そこには、幼児程の者が、爪で引っ掻く様に書いた、『たすけて』の文字だった。
血が、窪みを色濃く写し出していた。
コニカの中にいる修羅が、心を啄んだ。
理解をするには、心の余裕と、材料が足りなかった。
「日常を切り取った様な街、つまりは、生きている死んだ街かな」
それなのに、ピエロはコニカに材料を供給する。
故に生まれる、疑問。
「僕は、放浪者だからね。見たことがあるよ。これは、『墓兵』……マーシャル・ネトルスとかいう奴の仕業だね」
「奴は、『天使の矢』と組んでいて、異教徒を排斥するための役割を担う存在なのさ。そして、この人達は生きている」
それは、意図して敵意を特定の誰かに向け、更に言えば皆が欲する救済を教える、安上がりな人騙しの方法だった。
しかし、つけ込むには最適過ぎた。
ただ、故に生まれる疑問。
「いや、だったらこれは誰が書いたことになるんだ?」
「……ッ! 確かに、つまり一度死んだ街に僕ら以外が誰か来たのかなぁ? 他の場所も探さないと」
ピエロの誤算。
などではない。
最早、会話の流れ上、それを聞くしかなかった。
いや、受け入れるという物もあるが、頭が最低限回る者であれば、そこに気付くのは普通であった。
つまりは、欠陥を、短所を見せる。
結果、相手が思う事とは、見下し、もしくは同情、親近感を得るという物。
結果的な良好な印象をピエロは得る。
対人関係を構築をするのであれば、自分の素晴らしさ、長所、秀でている所を伝えるのではなく、自分の弱味を見せねばならない。

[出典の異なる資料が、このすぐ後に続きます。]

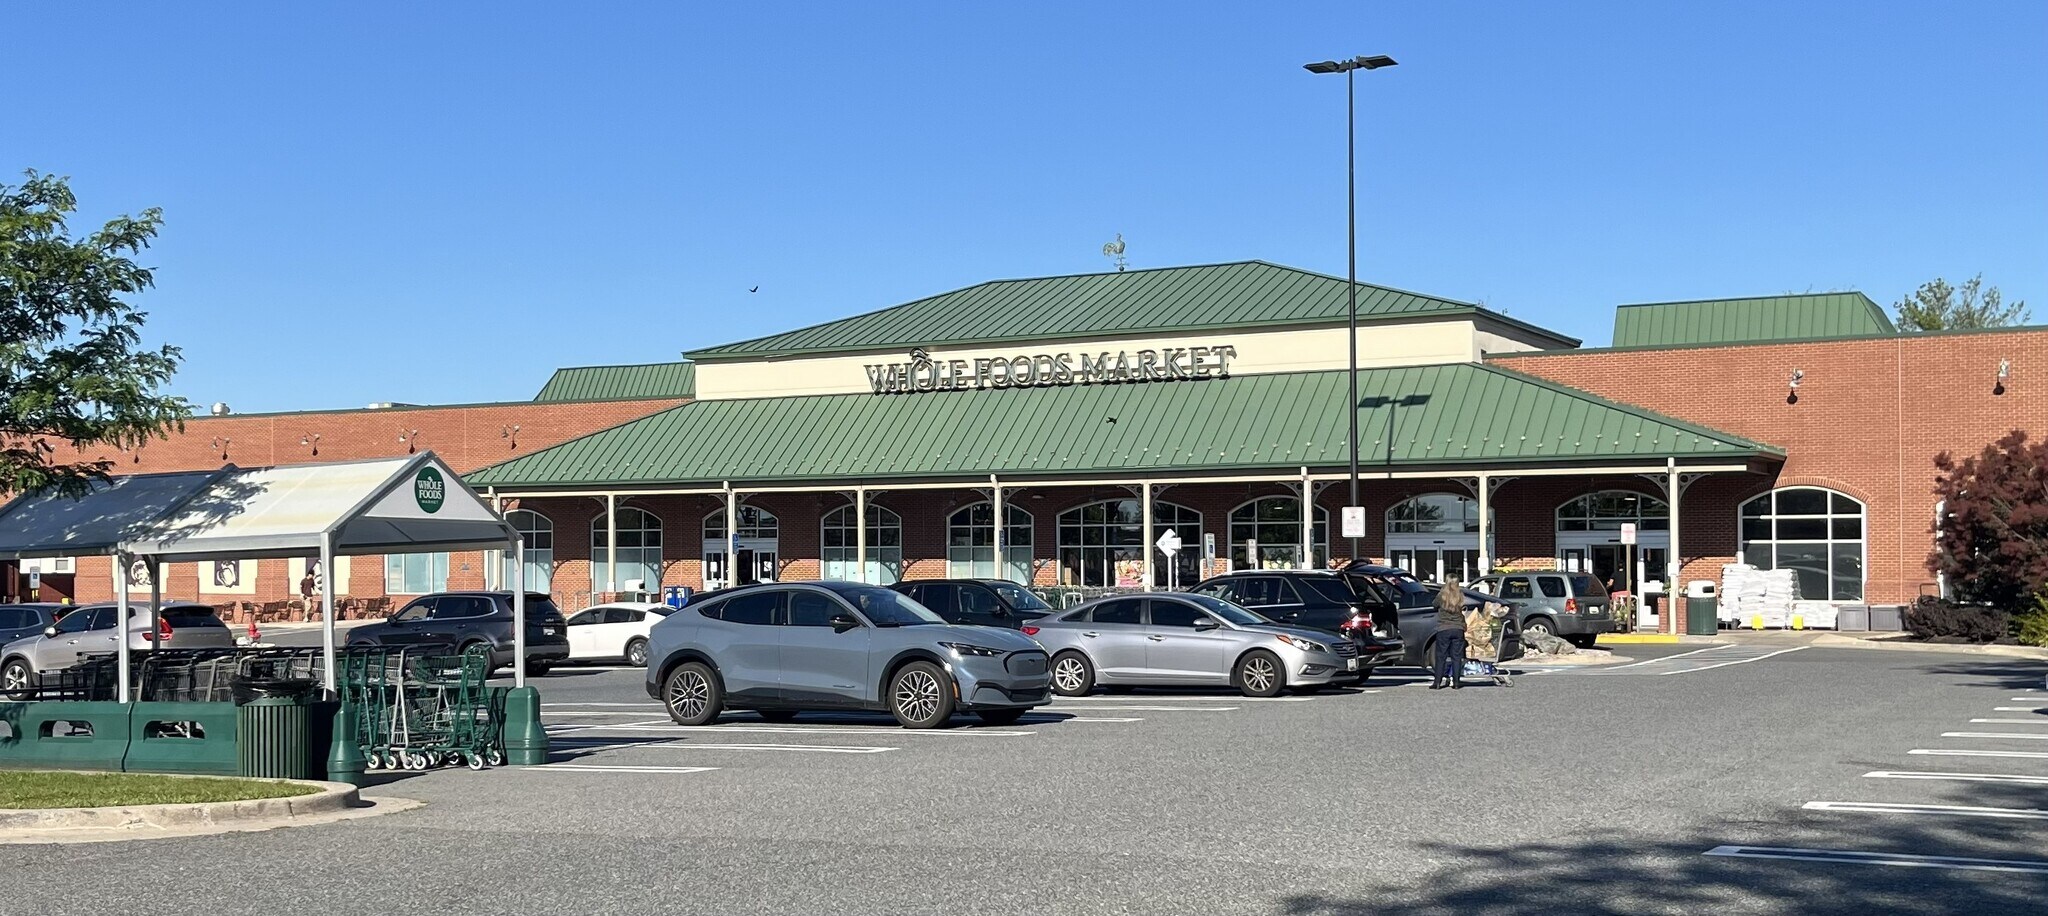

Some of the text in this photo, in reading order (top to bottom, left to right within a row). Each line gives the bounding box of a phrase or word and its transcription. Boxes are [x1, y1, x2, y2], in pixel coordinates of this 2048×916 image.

[863, 345, 1237, 394] WHOLE FOODS MARKET
[417, 479, 442, 490] WHOLE
[419, 489, 442, 499] FOODS

しかし、ピエロは少し前、弱みを見せるなと、コニカに言っていた。
これ自体、ピエロの性格が、一つのミスも見せぬ完璧主義者であるとコニカに思わせるための、布石。
涙すらも顔に描くピエロの所業。
「ヒルコ……何かお前は知らないのか」
コニカは、井戸を覗く、ヒルコに良く似た少年の人形に話しかけ、井戸を中を見た。
その時、コニカは見られていた。
────────────
ヒルコは、今、特段何かを感じているという事は無かった。
自らが生み出し、名前を付け育て上げた子供達が死んだ事にも。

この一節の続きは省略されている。